La Ligue Congolaise de lutte contre la Corruption (LICOCO) se dit préoccupé par le non-respect des dispositions de l’article 1 alinéa 9 de l’avenant numéro 5, de la Convention relative au Développement d’un projet minier et d’un projet d’infrastructure en RDC dit « Convention SICOMINES », signé le 14 Mars 2024. Elle estime nécessaire une évaluation en urgence de l’avenant cité ci-haut, tel que stipulé dans le contrat.
Dans un communiqué publié le jeudi 21 aout 2025 et signé par son secrétaire exécutif, Ernest Mpararo, la LICOCO s’appuie sur l’alinéa 9 de l’article 1 de cette convention, qui stipule que « les parties se réunissent au mois de Juin de chaque année pour évaluer ce qui a été réalisé comme investissement dans les infrastructures …….». En appliquant cette disposition, croit LICOCO, la première réunion d’évaluation de cet avenant devrait se tenir au mois de Juin 2025.
« A l’heure où nous mettons sous presse ce communiqué, au niveau du Gouvernement ou du Cabinet du Président de la République, personne n’en parle. Le manque de suivi des accords signés par le Gouvernement de la RDC est une faiblesse énorme qui a des conséquences négatives dans la réalisation des projets car on laisse à l’autre partie le choix de faire ce qu’elle veut », explique le communiqué.
La LICOCO estime que le fait de laisser aux Chinois la réalisation des projets sans suivis efficace, fera que les infrastructures construites ne respectent pas les standards convenus.
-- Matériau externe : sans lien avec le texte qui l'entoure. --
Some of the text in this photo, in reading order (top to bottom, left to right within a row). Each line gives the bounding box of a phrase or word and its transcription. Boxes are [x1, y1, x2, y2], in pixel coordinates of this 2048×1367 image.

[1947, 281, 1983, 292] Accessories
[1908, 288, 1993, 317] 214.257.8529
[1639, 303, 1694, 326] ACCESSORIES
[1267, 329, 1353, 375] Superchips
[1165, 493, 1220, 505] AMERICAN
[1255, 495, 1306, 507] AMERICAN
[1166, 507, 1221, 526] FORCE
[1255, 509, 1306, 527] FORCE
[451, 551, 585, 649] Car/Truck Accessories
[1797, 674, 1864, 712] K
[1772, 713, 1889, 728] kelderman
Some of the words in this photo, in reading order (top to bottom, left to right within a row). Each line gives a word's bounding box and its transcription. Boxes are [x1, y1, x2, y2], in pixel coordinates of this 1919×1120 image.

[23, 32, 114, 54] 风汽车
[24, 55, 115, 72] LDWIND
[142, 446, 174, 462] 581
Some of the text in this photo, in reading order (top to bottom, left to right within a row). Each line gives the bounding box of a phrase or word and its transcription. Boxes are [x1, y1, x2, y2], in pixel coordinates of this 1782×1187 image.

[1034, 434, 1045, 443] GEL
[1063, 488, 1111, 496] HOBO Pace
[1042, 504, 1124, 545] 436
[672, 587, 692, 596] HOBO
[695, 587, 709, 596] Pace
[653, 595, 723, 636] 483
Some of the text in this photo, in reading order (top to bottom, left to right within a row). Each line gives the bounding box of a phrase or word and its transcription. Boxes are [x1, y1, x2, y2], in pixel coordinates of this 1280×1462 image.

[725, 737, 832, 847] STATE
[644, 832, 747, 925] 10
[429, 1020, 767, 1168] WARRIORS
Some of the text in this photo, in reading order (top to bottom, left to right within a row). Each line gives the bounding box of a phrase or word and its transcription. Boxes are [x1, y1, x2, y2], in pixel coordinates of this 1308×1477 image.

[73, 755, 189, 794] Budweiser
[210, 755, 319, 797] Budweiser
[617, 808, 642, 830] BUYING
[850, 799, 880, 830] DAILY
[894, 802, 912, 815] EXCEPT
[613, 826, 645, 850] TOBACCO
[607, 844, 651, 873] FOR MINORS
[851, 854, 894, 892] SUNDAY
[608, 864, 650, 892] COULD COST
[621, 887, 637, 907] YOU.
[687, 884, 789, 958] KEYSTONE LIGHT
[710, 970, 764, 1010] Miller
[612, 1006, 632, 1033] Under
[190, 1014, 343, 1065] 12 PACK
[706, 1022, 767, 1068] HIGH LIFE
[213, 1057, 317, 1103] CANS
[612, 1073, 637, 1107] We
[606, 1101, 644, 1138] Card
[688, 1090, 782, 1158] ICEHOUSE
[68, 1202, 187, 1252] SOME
« Les trois projets qui doivent être financés par les fonds issus de l’avenant 5 pour l’année 2024-2025 sont bel et bien le projet de construction de la ROCADE de Kinshasa ; le projet de construction de la route Mbuji Mayi- Nguba (850Km) en passant par Mweneditu et Kasese ainsi que le projet Kalamaba- Kananga (220 km) », rappelle LICOCO.
Et d’ajouter : « La transparence dans la réalisation des projets n’existe pas car la liste des projets à financer et les coûts financiers des projets ne sont pas connus du public. Or, cela devrait être affiché sur le site web du Ministère des ITPR comme l’exige la loi. La convocation de la réunion d’évaluation devrait traiter sur les projets qui seront financés pour l’exercice 2026-2027 et d’autres matières qui n’avaient pas été résolus lors des négociations sur l’avenant 5 ».
Parmi ces matières, la LICOCO cite le litige du montant de 1,8 milliards USD que la partie Chinoise devra allouer à la partie Congolaise comme solde sur les 3 milliards USD qui devraient financer la construction des routes lors de la première phase du contrat SICOMINES.
Lors de la signature du contrat Chinois en 2008, rappelle l’Organisation, la partie Chinoise devrait allouer 3 milliards USD pour financer les infrastructures en RDC. En 2024, après publication du rapport de l’IGF, il avait été constaté que seul 822 millions USD avait été alloués par la partie chinoise au financement des infrastructures. Pour la LICOCO, il y a encore un litige sur un montant de 1,8 milliards USD que la partie Chinoise doit allouer à la partie Congolaise. « Dans l’avenant 5 signé au mois de Mars 2024, ce litige n’est pas résolu », signale le communiqué.
Un autre point qui n’a pas été dit dans l’avenant 5 selon la LICOCO et qui devrait être discuté dans la réunion d’évaluation, c’est le partage des parts après la fin de l’emprunt de 6 milliards USD.
La LICOCO comme plusieurs autres organisations de la Société Civile estiment qu’une fois l’emprunt de 6 milliards USD et les intérêts sont payés, les parts de chaque partie dans la Jointe Venture devrait être réajustés. L’ONG estime que les parts de la partie Congolaise devraient être de 55% et de la partie Chinoise de 45% dans le projet SICOMINES, à partir de 2026. La LICOCO estime que c’est par la convocation urgente de la réunion d’évaluation entre les parties que ces genres des litiges peuvent être discutés et trouver solution.
Au président de la République, la LICOCO lui demande notamment d’ instruire ses services afin que ceux-ci puissent convoquer une réunion d’évaluation afin de se rendre compte de l’évolution des projets contenus dans cette convention. Autre recommandation, que le Président de la République demande aux ministres sectoriels de « terminer le litige de 1,8 milliard USD restant et d’autres points négatifs de l’avenant 5 que les Organisations de la Société civile ne cessent de dénoncer ».
A la Première ministre, la LICOCO lui demande de prendre le lead pour convoquer urgemment les ministres sectoriels qui avaient signé l’avenant 5 de SICOMINES et la Société Civile, afin de discuter sur les faiblesses qui sont souvent dénoncées pour la défense des intérêts de la RDC.